Much of the money goes to support drug habits. Ex-porn star Shelley Lubben, whose Pink Cross Foundation helps performers trying to get out of the business, explains why they need drugs: without them they would be unable to bear the abuse the work entails. “Guys are punching you in the face. You get ripped. Your insides can come out of you. It’s never ending.”

Besides drug addiction, another perk of the job is sexually transmitted diseases. Only some end up dying of AIDS, but few escape the discomfort of herpes, which is likewise incurable.

Explosive growth
Porn is very big business. Worldwide revenue in 2006 is estimated at $97 billion. Revenue in the US rose almost 2,000-fold between 1972 and 2006 – from $7 million to $13 billion. Market expansion through the internet has fuelled this explosive growth, though other media – videos, films, TV, magazines – have also done well.
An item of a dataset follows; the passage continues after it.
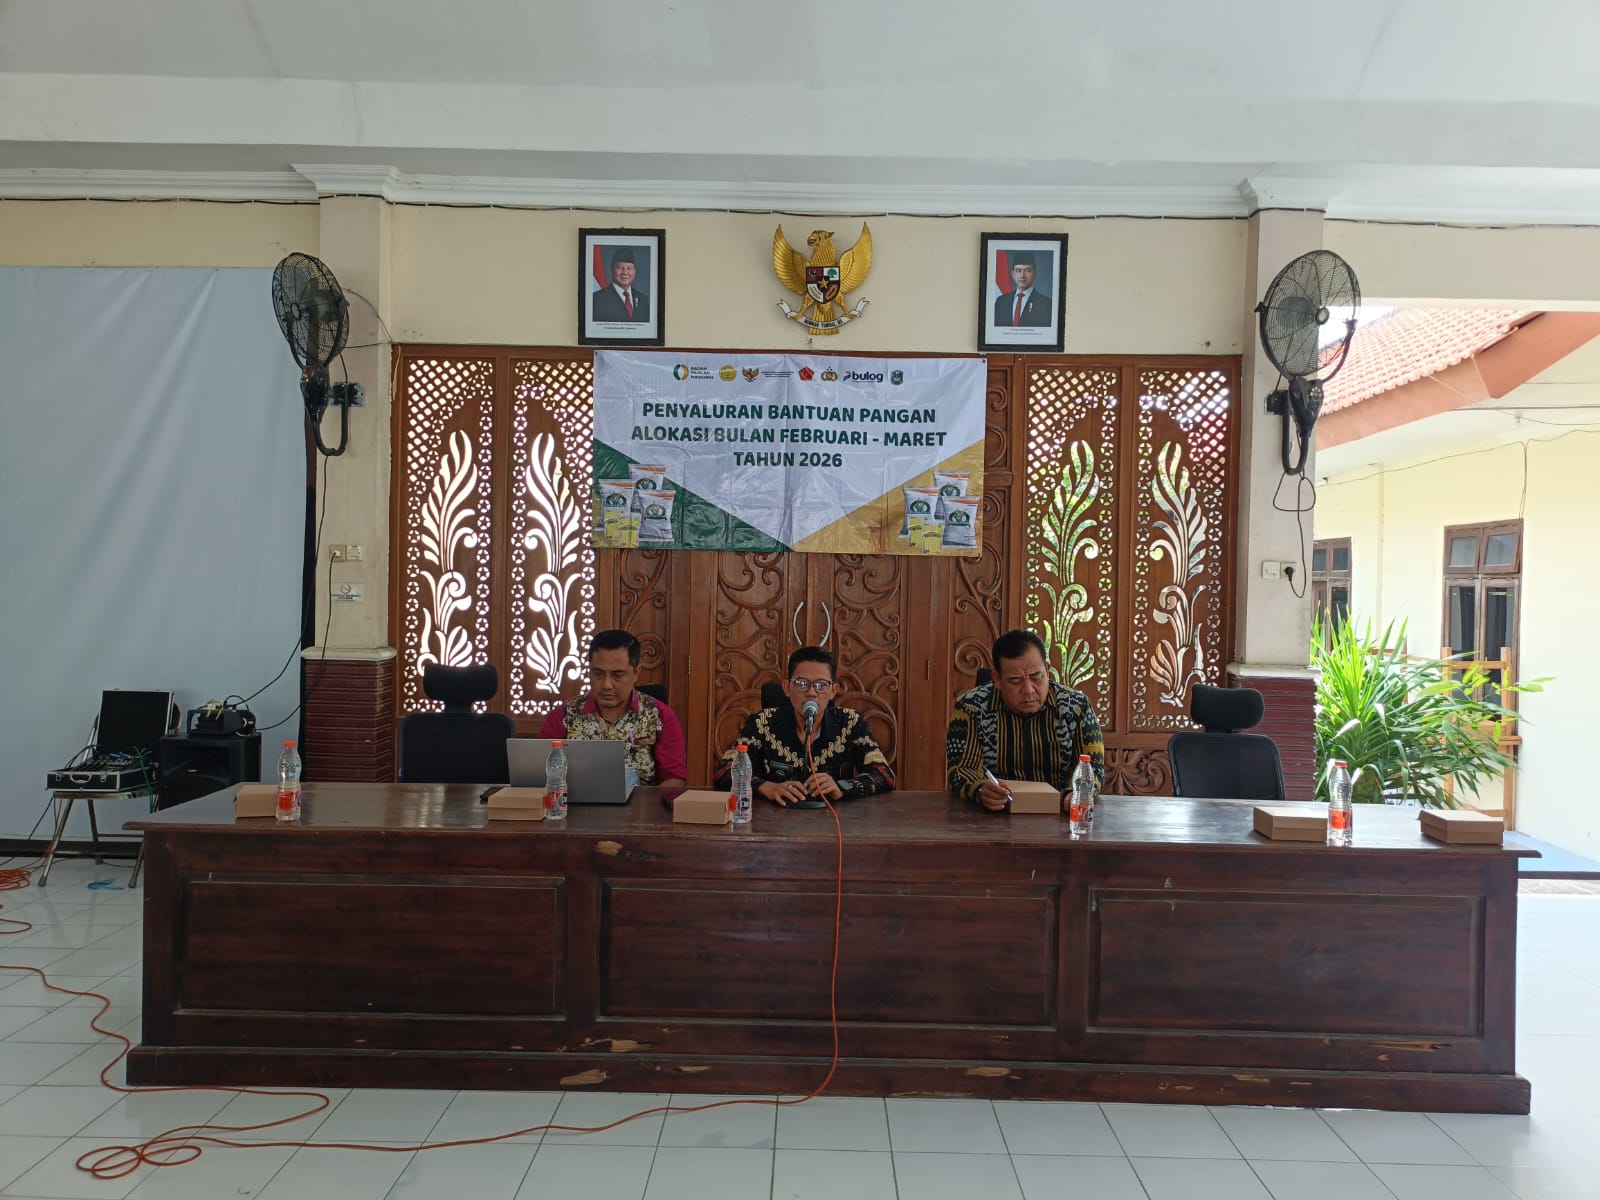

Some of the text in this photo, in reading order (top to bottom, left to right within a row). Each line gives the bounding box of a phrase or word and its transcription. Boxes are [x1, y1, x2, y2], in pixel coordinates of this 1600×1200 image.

With growth comes political clout. Like other capitalists, porn makers pay lobbyists to promote their interests. One is Bill Lyon, head of the so-called Free Speech Coalition, which represents 900 companies. Besides passing porn off as free speech, Lyon plugs its contribution to California’s economy: 12,000 jobs and $36 million annually in state tax revenue.

Porn versus religion?
Opponents of porn have different and often conflicting motives. Many condemn it in the name of religious morality. Yet the same people support conservative politicians who are totally beholden to corporate interests and hostile to any restrictions on business, including the porn industry.
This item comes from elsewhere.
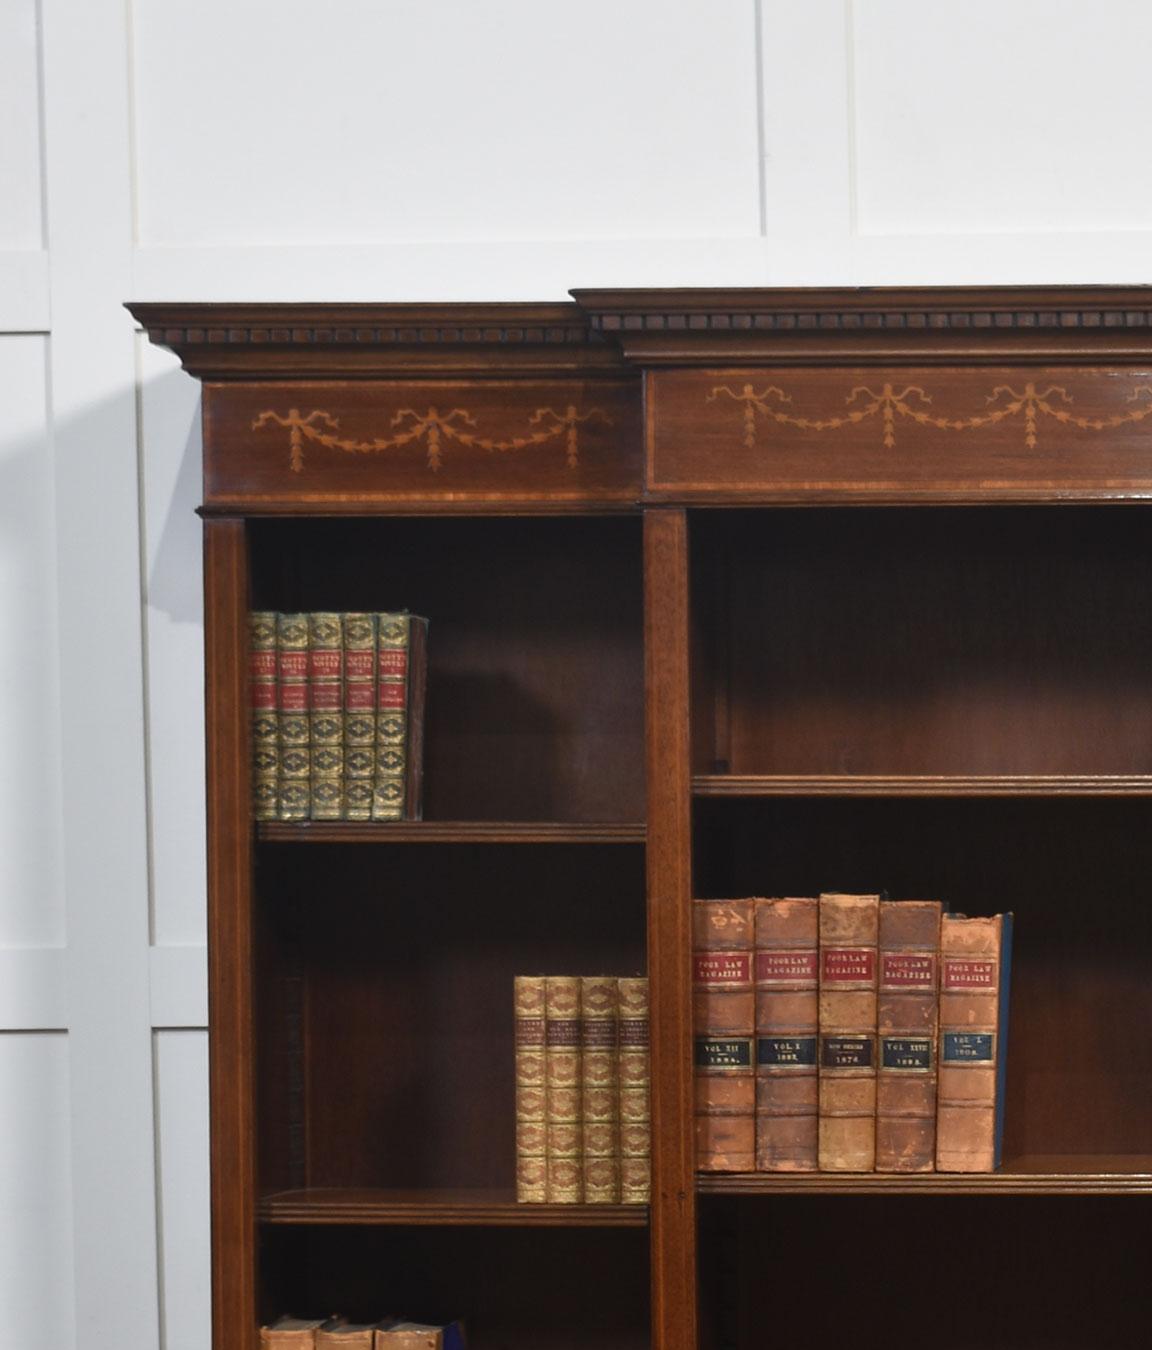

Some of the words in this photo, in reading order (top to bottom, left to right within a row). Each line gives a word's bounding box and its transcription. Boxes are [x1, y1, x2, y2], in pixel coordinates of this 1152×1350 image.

[790, 957, 809, 965] LAW
[849, 953, 868, 962] LAW
[973, 964, 991, 972] LAW
[885, 971, 932, 980] MAGAZINE
Porn promoters use the religious anti-porn movement to portray all their opponents as puritanical and intolerant – a false stereotype designed to silence anyone who does not want to be regarded as a killjoy. It’s quite possible to be against porn while valuing erotica – the artistic celebration of sex as a source of joy and beauty.  

Besides the suffering of those used to produce it, porn can have a dehumanizing effect on its male consumers. It has been argued that it distorts their perceptions of women and undermines their ability to engage in satisfying real-life relationships. Especially serious is the impact on teenagers ­ the age group that views the most online porn. The average age at which American boys first download porn is now 11 years.

Opening up new markets
As many consumers become desensitized to milder kinds of porn, they seek out more extreme varieties in order to sustain the same level of stimulation. The remorseless drive of capital to expand also impels porn makers to break down taboos and open up new markets. So porn grows more extreme, violent and abusive.

One barrier to expansion is the illegality of using children’s bodies in porn. But it is a weak barrier. Even those porn makers who take care to remain within the letter of the law press hard against the barrier by using “childified women” – a concept introduced by sociologist Gail Dines (see her 2008 interview with Citizen magazine). Young women are made to look like children by wearing children’s clothes and braces on their teeth, holding lollipops and shaving their pubic hair. So while these porn makers don’t abuse children directly some would argue that they incite their customers to do so.

Porn goes mainstream
Despite its increasingly violent character, porn is becoming more acceptable socially and culturally. Characters in popular TV sitcoms joke about it.

This is because the porn industry is no longer a disreputable enterprise on the fringes of the business world. “Respectable” business has merged with the industry as major corporations, observing the high rates of return offered by porn, have invested in it in a big way. Porn has gone mainstream.
* Media and telecommunications companies rely heavily on profits from porn. They have acquired porn-making subsidiaries and offer cable subscribers hardcore porn channels.
* Over 95 percent of new Hollywood films are “adult movies”.
* Some big hotel chains now make up to 70 percent of their profits by feeding porn to TVs in guest rooms on a pay-per-view basis.
* The most profitable parts of General Motors are no longer its auto plants but the porn channels EchoStar and DirecTV, owned by GM subsidiary Hughes Technology.

Consumer goods manufacturers are also linked to the porn business through their use of “soft porn” in advertising cars, clothes, shoes, cosmetics, etc. Fashion modelling, in particular, has close links with the industry.

The political implications of this development are discussed by D.A. Clarke, a contributor to the volume Not for Sale: Feminists Resisting Prostitution and Pornography (Spinifex Press). Now that the industry has gone mainstream, she argues, opposition to porn challenges the interests of capital as a whole. So anti-porn protestors would be up against formidable odds. If we want to decommercialize and humanize sex, we need to take the next step and build a broad popular movement to overthrow capitalism itself.